→ Your instructions
Please reproduce each line of the data below exactly as shown.

Referring expression grounding data:

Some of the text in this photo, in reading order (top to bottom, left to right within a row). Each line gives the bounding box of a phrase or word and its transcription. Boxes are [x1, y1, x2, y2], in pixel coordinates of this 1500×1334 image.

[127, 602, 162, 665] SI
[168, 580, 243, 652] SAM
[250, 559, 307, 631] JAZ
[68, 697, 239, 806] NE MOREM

→ Finished exercise
Some of the text in this photo, in reading order (top to bottom, left to right within a row). Each line gives the bounding box of a phrase or word and its transcription. Boxes are [x1, y1, x2, y2], in pixel coordinates of this 1500×1334 image.

[127, 602, 162, 665] SI
[168, 580, 243, 652] SAM
[250, 559, 307, 631] JAZ
[68, 697, 239, 806] NE MOREM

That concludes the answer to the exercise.